- _Work task_
With spelling and spacing unchanged, write out each line of the material.
Segment Start: Input data
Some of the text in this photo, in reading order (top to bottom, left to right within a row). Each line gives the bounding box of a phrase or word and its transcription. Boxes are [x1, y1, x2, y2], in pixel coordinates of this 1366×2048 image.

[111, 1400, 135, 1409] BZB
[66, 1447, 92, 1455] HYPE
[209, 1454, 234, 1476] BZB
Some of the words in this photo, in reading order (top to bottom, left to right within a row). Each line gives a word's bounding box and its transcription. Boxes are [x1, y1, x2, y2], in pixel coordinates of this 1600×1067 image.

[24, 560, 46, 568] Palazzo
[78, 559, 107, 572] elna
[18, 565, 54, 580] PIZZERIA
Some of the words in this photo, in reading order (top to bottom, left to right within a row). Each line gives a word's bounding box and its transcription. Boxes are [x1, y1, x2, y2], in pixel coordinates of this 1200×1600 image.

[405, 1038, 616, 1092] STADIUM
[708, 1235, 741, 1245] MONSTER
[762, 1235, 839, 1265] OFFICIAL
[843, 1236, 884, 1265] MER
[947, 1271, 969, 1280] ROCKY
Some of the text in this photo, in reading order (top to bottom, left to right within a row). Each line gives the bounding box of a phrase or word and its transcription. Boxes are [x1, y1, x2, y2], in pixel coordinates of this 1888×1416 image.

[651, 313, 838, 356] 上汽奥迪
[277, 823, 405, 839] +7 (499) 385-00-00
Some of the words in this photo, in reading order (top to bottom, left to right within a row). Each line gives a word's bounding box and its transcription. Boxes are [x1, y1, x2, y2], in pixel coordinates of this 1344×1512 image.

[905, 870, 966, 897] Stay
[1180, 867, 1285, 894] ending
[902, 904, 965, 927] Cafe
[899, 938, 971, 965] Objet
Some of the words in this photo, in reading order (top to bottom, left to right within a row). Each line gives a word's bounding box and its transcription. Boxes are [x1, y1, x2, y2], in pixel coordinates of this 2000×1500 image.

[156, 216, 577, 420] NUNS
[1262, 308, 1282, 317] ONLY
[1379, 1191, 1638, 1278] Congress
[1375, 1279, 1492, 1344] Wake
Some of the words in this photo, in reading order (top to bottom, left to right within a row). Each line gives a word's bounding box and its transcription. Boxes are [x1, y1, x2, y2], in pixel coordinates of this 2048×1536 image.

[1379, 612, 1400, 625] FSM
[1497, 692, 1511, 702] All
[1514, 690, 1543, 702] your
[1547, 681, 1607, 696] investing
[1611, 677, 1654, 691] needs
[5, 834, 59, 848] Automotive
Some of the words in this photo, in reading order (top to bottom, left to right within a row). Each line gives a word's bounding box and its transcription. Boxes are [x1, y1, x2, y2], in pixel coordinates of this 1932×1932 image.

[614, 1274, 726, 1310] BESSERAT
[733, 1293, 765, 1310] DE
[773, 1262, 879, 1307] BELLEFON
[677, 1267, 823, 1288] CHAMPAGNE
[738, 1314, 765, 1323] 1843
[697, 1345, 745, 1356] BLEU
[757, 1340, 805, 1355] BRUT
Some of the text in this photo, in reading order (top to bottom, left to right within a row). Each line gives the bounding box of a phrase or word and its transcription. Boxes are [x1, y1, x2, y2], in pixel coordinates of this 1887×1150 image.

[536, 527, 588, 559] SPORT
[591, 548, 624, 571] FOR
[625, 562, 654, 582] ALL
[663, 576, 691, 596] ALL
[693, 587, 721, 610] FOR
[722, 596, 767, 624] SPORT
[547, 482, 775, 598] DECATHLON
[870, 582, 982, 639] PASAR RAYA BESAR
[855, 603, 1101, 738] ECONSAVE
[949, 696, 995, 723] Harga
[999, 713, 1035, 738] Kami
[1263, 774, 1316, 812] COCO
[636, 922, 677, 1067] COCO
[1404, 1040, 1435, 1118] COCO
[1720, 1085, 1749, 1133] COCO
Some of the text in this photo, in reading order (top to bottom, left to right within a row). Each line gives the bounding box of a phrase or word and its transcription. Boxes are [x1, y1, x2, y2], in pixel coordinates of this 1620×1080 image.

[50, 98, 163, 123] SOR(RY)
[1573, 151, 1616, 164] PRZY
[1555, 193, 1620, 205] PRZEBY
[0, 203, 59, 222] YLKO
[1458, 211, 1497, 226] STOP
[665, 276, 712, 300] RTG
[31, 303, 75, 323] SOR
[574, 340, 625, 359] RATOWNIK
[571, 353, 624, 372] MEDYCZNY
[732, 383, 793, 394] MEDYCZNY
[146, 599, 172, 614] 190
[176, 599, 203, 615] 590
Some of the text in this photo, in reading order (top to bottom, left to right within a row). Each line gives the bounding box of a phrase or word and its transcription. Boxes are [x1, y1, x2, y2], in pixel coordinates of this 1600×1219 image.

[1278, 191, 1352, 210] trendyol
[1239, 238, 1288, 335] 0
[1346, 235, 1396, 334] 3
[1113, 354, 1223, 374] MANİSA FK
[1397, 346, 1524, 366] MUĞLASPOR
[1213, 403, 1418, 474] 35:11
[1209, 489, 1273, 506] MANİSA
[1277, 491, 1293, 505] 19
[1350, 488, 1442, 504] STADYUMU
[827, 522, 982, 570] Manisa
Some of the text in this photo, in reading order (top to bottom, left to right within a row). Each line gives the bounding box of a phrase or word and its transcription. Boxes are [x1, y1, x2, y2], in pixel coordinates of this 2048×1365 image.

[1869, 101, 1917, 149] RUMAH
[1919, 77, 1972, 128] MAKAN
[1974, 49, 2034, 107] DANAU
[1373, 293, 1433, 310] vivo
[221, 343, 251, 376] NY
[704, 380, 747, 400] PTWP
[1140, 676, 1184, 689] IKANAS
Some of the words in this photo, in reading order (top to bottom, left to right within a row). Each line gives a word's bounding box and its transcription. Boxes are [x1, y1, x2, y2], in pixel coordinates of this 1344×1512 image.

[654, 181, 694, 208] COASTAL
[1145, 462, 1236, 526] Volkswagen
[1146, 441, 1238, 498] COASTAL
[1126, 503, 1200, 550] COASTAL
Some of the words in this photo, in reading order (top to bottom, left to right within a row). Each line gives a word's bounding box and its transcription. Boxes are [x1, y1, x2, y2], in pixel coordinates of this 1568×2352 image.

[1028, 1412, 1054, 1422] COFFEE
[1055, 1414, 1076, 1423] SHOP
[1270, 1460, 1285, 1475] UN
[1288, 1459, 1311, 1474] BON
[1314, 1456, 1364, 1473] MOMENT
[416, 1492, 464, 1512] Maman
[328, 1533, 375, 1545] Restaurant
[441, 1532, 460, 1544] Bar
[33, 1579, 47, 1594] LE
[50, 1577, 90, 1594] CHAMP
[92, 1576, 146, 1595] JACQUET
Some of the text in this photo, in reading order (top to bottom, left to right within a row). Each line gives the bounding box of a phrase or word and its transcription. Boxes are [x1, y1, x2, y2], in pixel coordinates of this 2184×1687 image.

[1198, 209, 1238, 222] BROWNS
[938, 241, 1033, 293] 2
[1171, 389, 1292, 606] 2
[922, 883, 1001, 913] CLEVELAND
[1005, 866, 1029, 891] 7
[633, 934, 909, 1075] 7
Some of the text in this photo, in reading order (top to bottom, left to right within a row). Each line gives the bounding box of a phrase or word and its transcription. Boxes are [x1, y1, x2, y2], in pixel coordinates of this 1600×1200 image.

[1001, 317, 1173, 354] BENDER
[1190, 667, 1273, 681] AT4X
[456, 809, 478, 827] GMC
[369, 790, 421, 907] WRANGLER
Segment End: Input data
- _The answer_
Some of the text in this photo, in reading order (top to bottom, left to right within a row). Each line gives the bounding box of a phrase or word and its transcription. Boxes are [x1, y1, x2, y2], in pixel coordinates of this 1366×2048 image.

[111, 1400, 135, 1409] BZB
[66, 1447, 92, 1455] HYPE
[209, 1454, 234, 1476] BZB
Some of the words in this photo, in reading order (top to bottom, left to right within a row). Each line gives a word's bounding box and its transcription. Boxes are [x1, y1, x2, y2], in pixel coordinates of this 1600×1067 image.

[24, 560, 46, 568] Palazzo
[78, 559, 107, 572] elna
[18, 565, 54, 580] PIZZERIA
Some of the words in this photo, in reading order (top to bottom, left to right within a row). Each line gives a word's bounding box and its transcription. Boxes are [x1, y1, x2, y2], in pixel coordinates of this 1200×1600 image.

[405, 1038, 616, 1092] STADIUM
[708, 1235, 741, 1245] MONSTER
[762, 1235, 839, 1265] OFFICIAL
[843, 1236, 884, 1265] MER
[947, 1271, 969, 1280] ROCKY
Some of the text in this photo, in reading order (top to bottom, left to right within a row). Each line gives the bounding box of a phrase or word and its transcription. Boxes are [x1, y1, x2, y2], in pixel coordinates of this 1888×1416 image.

[651, 313, 838, 356] 上汽奥迪
[277, 823, 405, 839] +7 (499) 385-00-00
Some of the words in this photo, in reading order (top to bottom, left to right within a row). Each line gives a word's bounding box and its transcription. Boxes are [x1, y1, x2, y2], in pixel coordinates of this 1344×1512 image.

[905, 870, 966, 897] Stay
[1180, 867, 1285, 894] ending
[902, 904, 965, 927] Cafe
[899, 938, 971, 965] Objet
Some of the words in this photo, in reading order (top to bottom, left to right within a row). Each line gives a word's bounding box and its transcription. Boxes are [x1, y1, x2, y2], in pixel coordinates of this 2000×1500 image.

[156, 216, 577, 420] NUNS
[1262, 308, 1282, 317] ONLY
[1379, 1191, 1638, 1278] Congress
[1375, 1279, 1492, 1344] Wake
Some of the words in this photo, in reading order (top to bottom, left to right within a row). Each line gives a word's bounding box and its transcription. Boxes are [x1, y1, x2, y2], in pixel coordinates of this 2048×1536 image.

[1379, 612, 1400, 625] FSM
[1497, 692, 1511, 702] All
[1514, 690, 1543, 702] your
[1547, 681, 1607, 696] investing
[1611, 677, 1654, 691] needs
[5, 834, 59, 848] Automotive
Some of the words in this photo, in reading order (top to bottom, left to right within a row). Each line gives a word's bounding box and its transcription. Boxes are [x1, y1, x2, y2], in pixel coordinates of this 1932×1932 image.

[614, 1274, 726, 1310] BESSERAT
[733, 1293, 765, 1310] DE
[773, 1262, 879, 1307] BELLEFON
[677, 1267, 823, 1288] CHAMPAGNE
[738, 1314, 765, 1323] 1843
[697, 1345, 745, 1356] BLEU
[757, 1340, 805, 1355] BRUT
Some of the text in this photo, in reading order (top to bottom, left to right within a row). Each line gives the bounding box of a phrase or word and its transcription. Boxes are [x1, y1, x2, y2], in pixel coordinates of this 1887×1150 image.

[536, 527, 588, 559] SPORT
[591, 548, 624, 571] FOR
[625, 562, 654, 582] ALL
[663, 576, 691, 596] ALL
[693, 587, 721, 610] FOR
[722, 596, 767, 624] SPORT
[547, 482, 775, 598] DECATHLON
[870, 582, 982, 639] PASAR RAYA BESAR
[855, 603, 1101, 738] ECONSAVE
[949, 696, 995, 723] Harga
[999, 713, 1035, 738] Kami
[1263, 774, 1316, 812] COCO
[636, 922, 677, 1067] COCO
[1404, 1040, 1435, 1118] COCO
[1720, 1085, 1749, 1133] COCO
Some of the text in this photo, in reading order (top to bottom, left to right within a row). Each line gives the bounding box of a phrase or word and its transcription. Boxes are [x1, y1, x2, y2], in pixel coordinates of this 1620×1080 image.

[50, 98, 163, 123] SOR(RY)
[1573, 151, 1616, 164] PRZY
[1555, 193, 1620, 205] PRZEBY
[0, 203, 59, 222] YLKO
[1458, 211, 1497, 226] STOP
[665, 276, 712, 300] RTG
[31, 303, 75, 323] SOR
[574, 340, 625, 359] RATOWNIK
[571, 353, 624, 372] MEDYCZNY
[732, 383, 793, 394] MEDYCZNY
[146, 599, 172, 614] 190
[176, 599, 203, 615] 590
Some of the text in this photo, in reading order (top to bottom, left to right within a row). Each line gives the bounding box of a phrase or word and its transcription. Boxes are [x1, y1, x2, y2], in pixel coordinates of this 1600×1219 image.

[1278, 191, 1352, 210] trendyol
[1239, 238, 1288, 335] 0
[1346, 235, 1396, 334] 3
[1113, 354, 1223, 374] MANİSA FK
[1397, 346, 1524, 366] MUĞLASPOR
[1213, 403, 1418, 474] 35:11
[1209, 489, 1273, 506] MANİSA
[1277, 491, 1293, 505] 19
[1350, 488, 1442, 504] STADYUMU
[827, 522, 982, 570] Manisa
Some of the text in this photo, in reading order (top to bottom, left to right within a row). Each line gives the bounding box of a phrase or word and its transcription. Boxes are [x1, y1, x2, y2], in pixel coordinates of this 2048×1365 image.

[1869, 101, 1917, 149] RUMAH
[1919, 77, 1972, 128] MAKAN
[1974, 49, 2034, 107] DANAU
[1373, 293, 1433, 310] vivo
[221, 343, 251, 376] NY
[704, 380, 747, 400] PTWP
[1140, 676, 1184, 689] IKANAS
Some of the words in this photo, in reading order (top to bottom, left to right within a row). Each line gives a word's bounding box and its transcription. Boxes are [x1, y1, x2, y2], in pixel coordinates of this 1344×1512 image.

[654, 181, 694, 208] COASTAL
[1145, 462, 1236, 526] Volkswagen
[1146, 441, 1238, 498] COASTAL
[1126, 503, 1200, 550] COASTAL
Some of the words in this photo, in reading order (top to bottom, left to right within a row). Each line gives a word's bounding box and its transcription. Boxes are [x1, y1, x2, y2], in pixel coordinates of this 1568×2352 image.

[1028, 1412, 1054, 1422] COFFEE
[1055, 1414, 1076, 1423] SHOP
[1270, 1460, 1285, 1475] UN
[1288, 1459, 1311, 1474] BON
[1314, 1456, 1364, 1473] MOMENT
[416, 1492, 464, 1512] Maman
[328, 1533, 375, 1545] Restaurant
[441, 1532, 460, 1544] Bar
[33, 1579, 47, 1594] LE
[50, 1577, 90, 1594] CHAMP
[92, 1576, 146, 1595] JACQUET
Some of the text in this photo, in reading order (top to bottom, left to right within a row). Each line gives the bounding box of a phrase or word and its transcription. Boxes are [x1, y1, x2, y2], in pixel coordinates of this 2184×1687 image.

[1198, 209, 1238, 222] BROWNS
[938, 241, 1033, 293] 2
[1171, 389, 1292, 606] 2
[922, 883, 1001, 913] CLEVELAND
[1005, 866, 1029, 891] 7
[633, 934, 909, 1075] 7
Some of the text in this photo, in reading order (top to bottom, left to right within a row). Each line gives the bounding box of a phrase or word and its transcription. Boxes are [x1, y1, x2, y2], in pixel coordinates of this 1600×1200 image.

[1001, 317, 1173, 354] BENDER
[1190, 667, 1273, 681] AT4X
[456, 809, 478, 827] GMC
[369, 790, 421, 907] WRANGLER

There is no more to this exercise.